DEMOCRATIC REPUBLIC OF THE CONGO
The Islamist Allied Democratic Forces is believed to have been responsible for an attack on a village in the eastern DRC’s North Kivu province early Sunday morning that left at least 19 people dead. The attackers also looted and torched a local hospital and a hotel. There are several people still missing so the casualty count could rise.
The British military has now backed up claims that Russian forces have seized all or most of the city of Bakhmut east of the Bakhmutka River. The Wagner Group had made that claim a few days ago without any corroboration from any other source. The Ukrainian military says its defenses are still holding—indeed, the Ukrainians are still apparently reinforcing the city—and with bridges across the river now destroyed it may take a bit of time for the Russians to get a foothold on its western bank.
Whether or not the US and Iran are talking about a prison swap, two anonymous Biden administration officials were pretty unequivocal in telling Reuters on Sunday that there are no prisoner exchange talks underway between the US and Venezuela. Eyvin Hernandez, a US national currently in Venezuelan custody, apparently sent a message to Joe Biden last month asking him to cut a deal to send Venezuelan national Alex Saab back to Caracas in return for US prisoners in Venezuela.
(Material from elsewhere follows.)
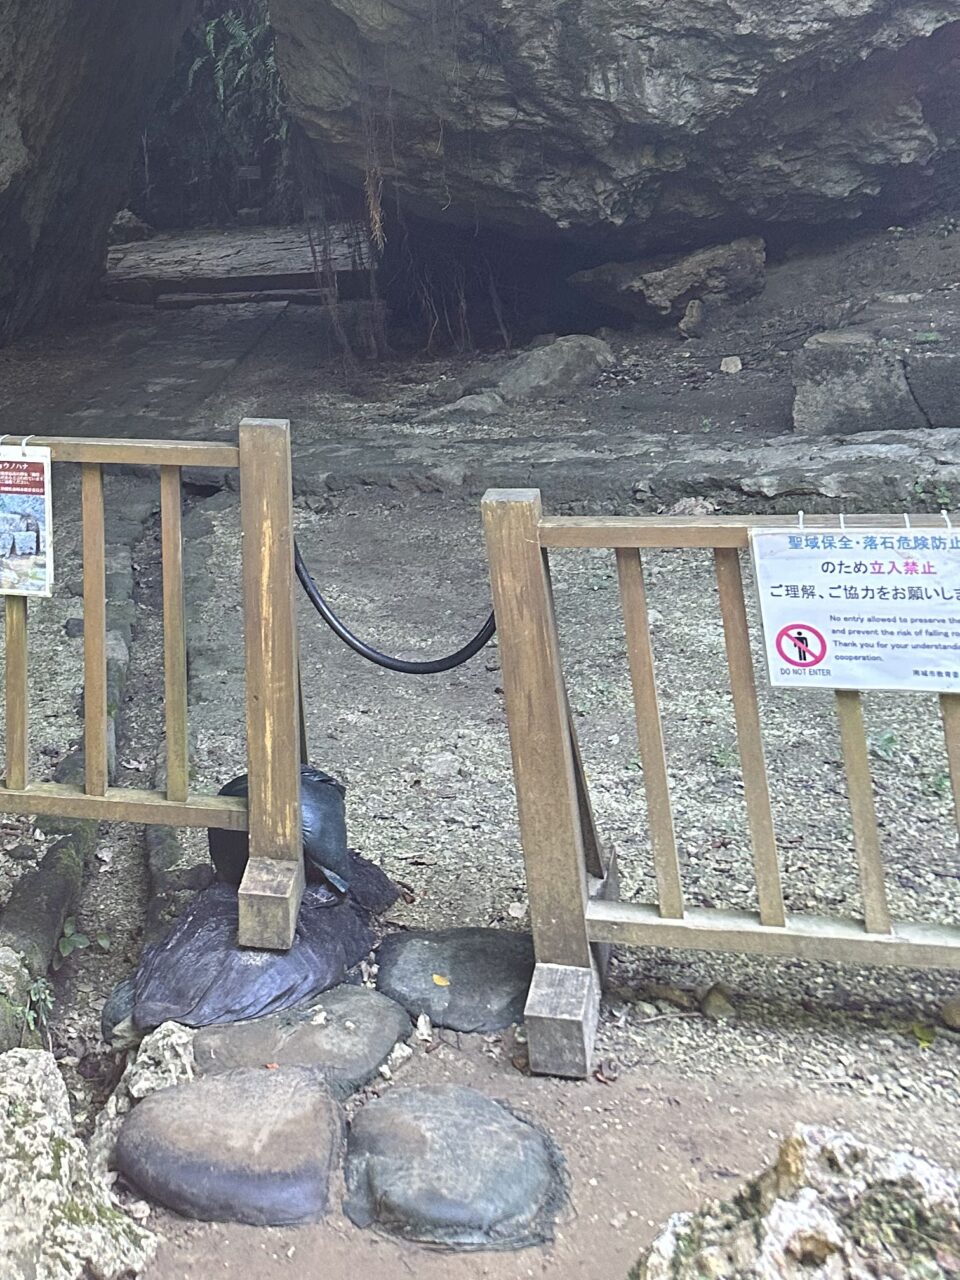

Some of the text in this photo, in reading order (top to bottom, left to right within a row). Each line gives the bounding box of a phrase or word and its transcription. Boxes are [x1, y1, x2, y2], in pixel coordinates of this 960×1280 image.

Saab is awaiting trial in the US on some sort of corruption charge and the administration has said it will not discuss releasing him until that proceeding is concluded.
The Nicaraguan government is closing its Vatican embassy and has ordered the closure of the Vatican embassy in Managua. It’s not cutting diplomatic ties with the Vatican altogether, but it has considered “suspending” them over an interview in which Pope Francis referred to the Nicaraguan government as “a crude dictatorship.” Relations between the Catholic Church and Nicaraguan President Daniel Ortega are not good to say the least, and Bishop Rolando Álvarez was sentenced to 26 years in prison last month on a variety of charges including treason.
Finally, Responsible Statecraft’s Jacob Batinga suggests that the Biden administration should consider applying its new rules around arms sales to a longstanding US ally:
Over the last four decades of heavy American subsidization of Israel’s arms industry, Israel has transferred weapons to over 100 countries, including South Africa under apartheid, Serbia during the ethnic cleansing of Bosnians, and the repressive military juntas in Guatemala and El Salvador (as well as human rights-abusing non-state actors like the Contras in Nicaragua). Within the last decade, Israel continued to supply arms to Myanmar even as the military junta committed genocide against the Rohingya, and exported weapons to South Sudan “despite a near-universal arms embargo over the bloody civil war there.” Israel is currently transferring arms to human rights abusing governments such as the Philippines, Morocco, Bahrain, the United Arab Emirates, and Azerbaijan. According to a recent Haaretz report, the Israeli government has “approved every single arms deal brought to them since 2007.”
So, the United States subsidizes Israel’s domestic arms industry with around $815 million annually, and Israel subsequently exports those subsidized arms — without any transparency — to governments committing grave human rights abuses, including genocide.
The Biden administration’s new arms export policy is a significant win for human rights advocates. However, the United States’ significant financial contribution to Israel’s arms industry should not be excluded from this policy. This extensive subsidization means that Israel’s domestically-produced arms are, in a very real sense, American arms as well.